**Exercise brief:**
Set down every record below exactly as it stands, minus the pictures.

Free-text object descriptions
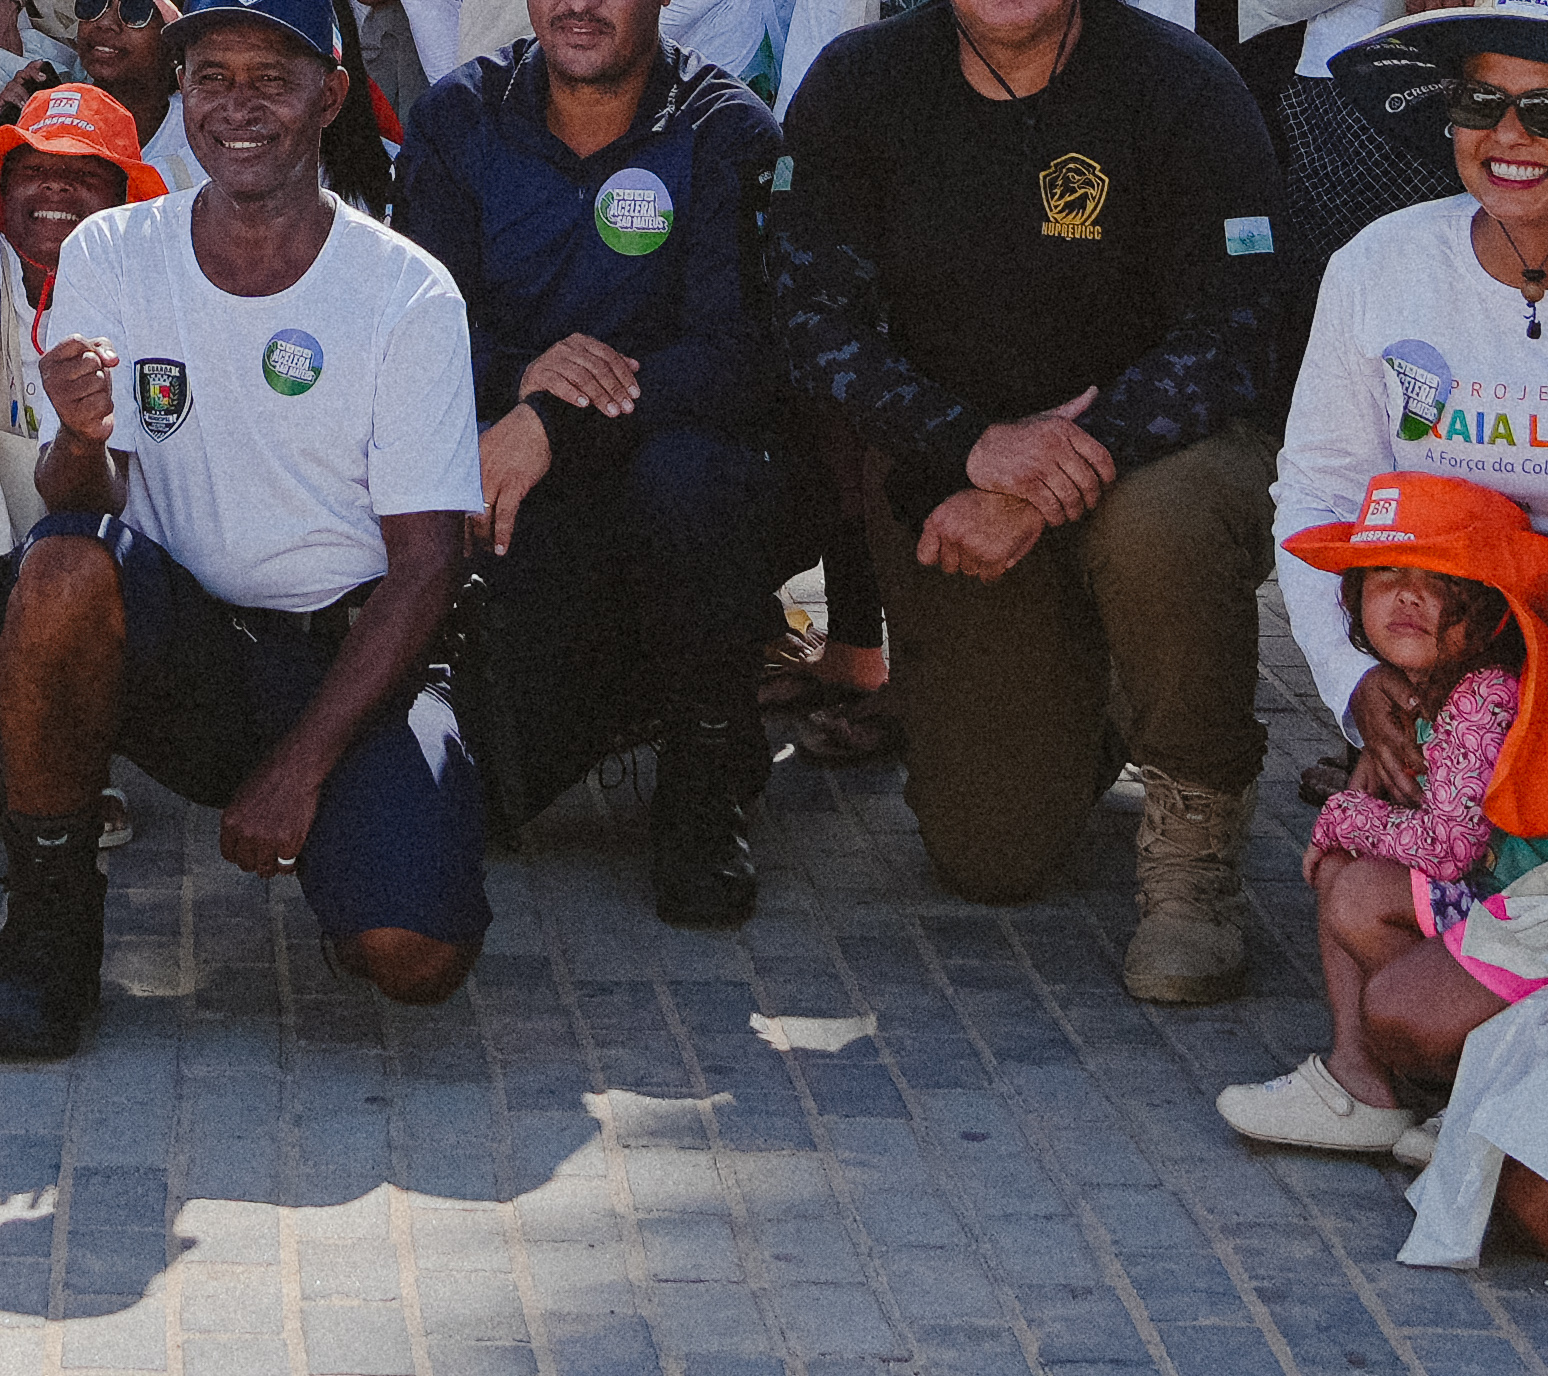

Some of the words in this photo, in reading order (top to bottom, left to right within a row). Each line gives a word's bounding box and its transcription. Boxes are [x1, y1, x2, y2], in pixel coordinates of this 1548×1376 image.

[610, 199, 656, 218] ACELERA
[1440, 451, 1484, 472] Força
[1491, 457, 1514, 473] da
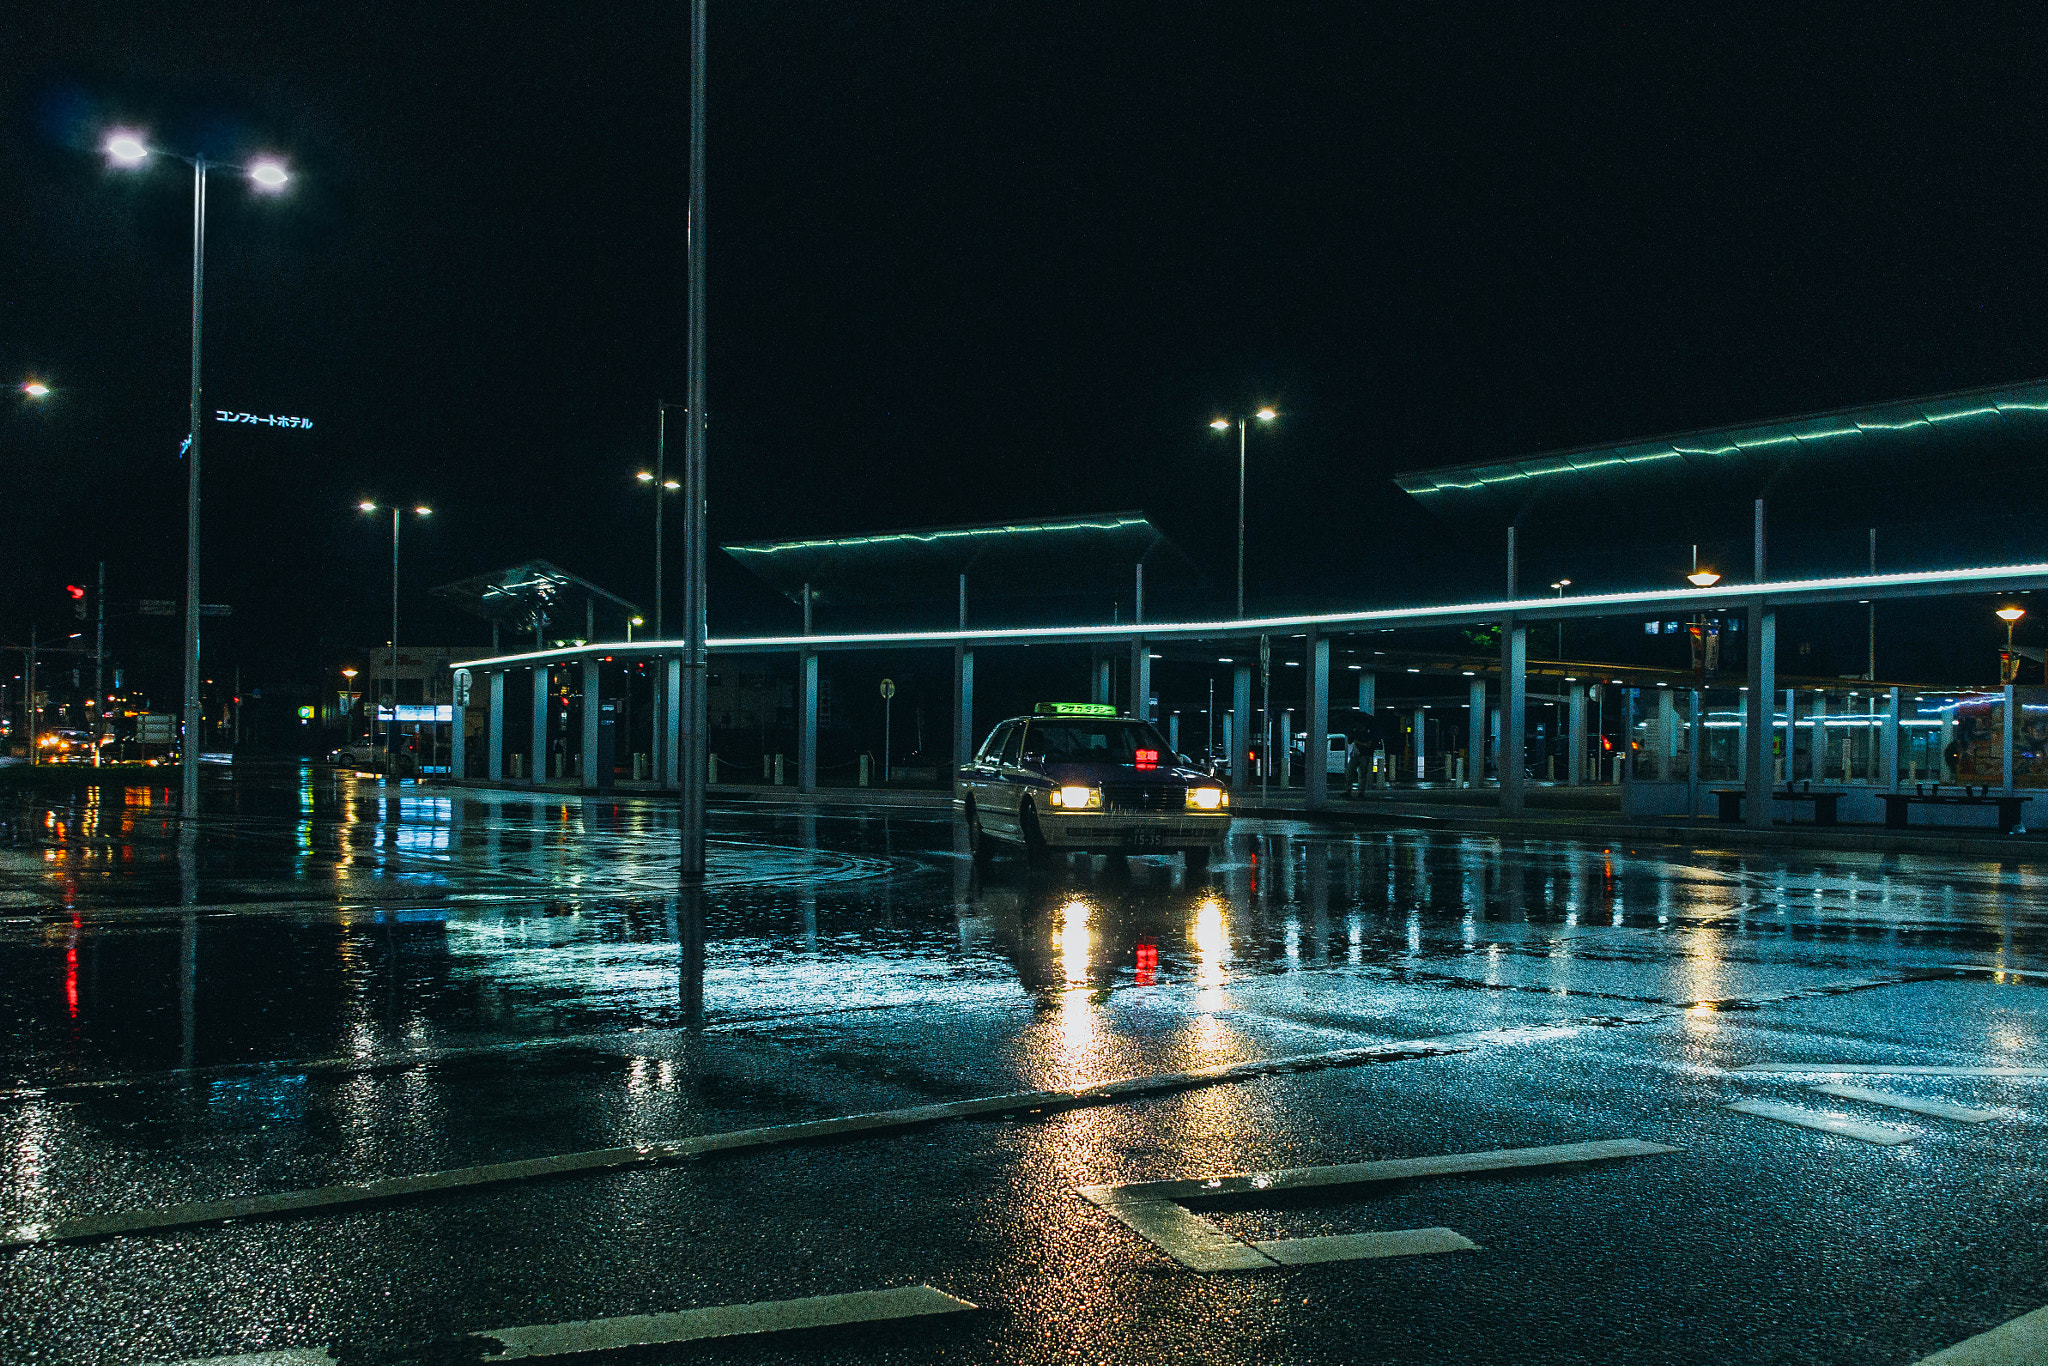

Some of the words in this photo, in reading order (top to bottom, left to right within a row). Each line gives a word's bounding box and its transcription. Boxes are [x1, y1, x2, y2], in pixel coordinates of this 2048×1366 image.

**Solved exercise:**
Some of the words in this photo, in reading order (top to bottom, left to right within a row). Each line gives a word's bounding box and its transcription. Boxes are [x1, y1, x2, y2], in pixel coordinates of this 1548×1376 image.

[610, 199, 656, 218] ACELERA
[1440, 451, 1484, 472] Força
[1491, 457, 1514, 473] da

Some of the words in this photo, in reading order (top to bottom, left to right within a row). Each line gives a word's bounding box and its transcription. Boxes are [x1, y1, x2, y2], in pixel coordinates of this 2048×1366 image.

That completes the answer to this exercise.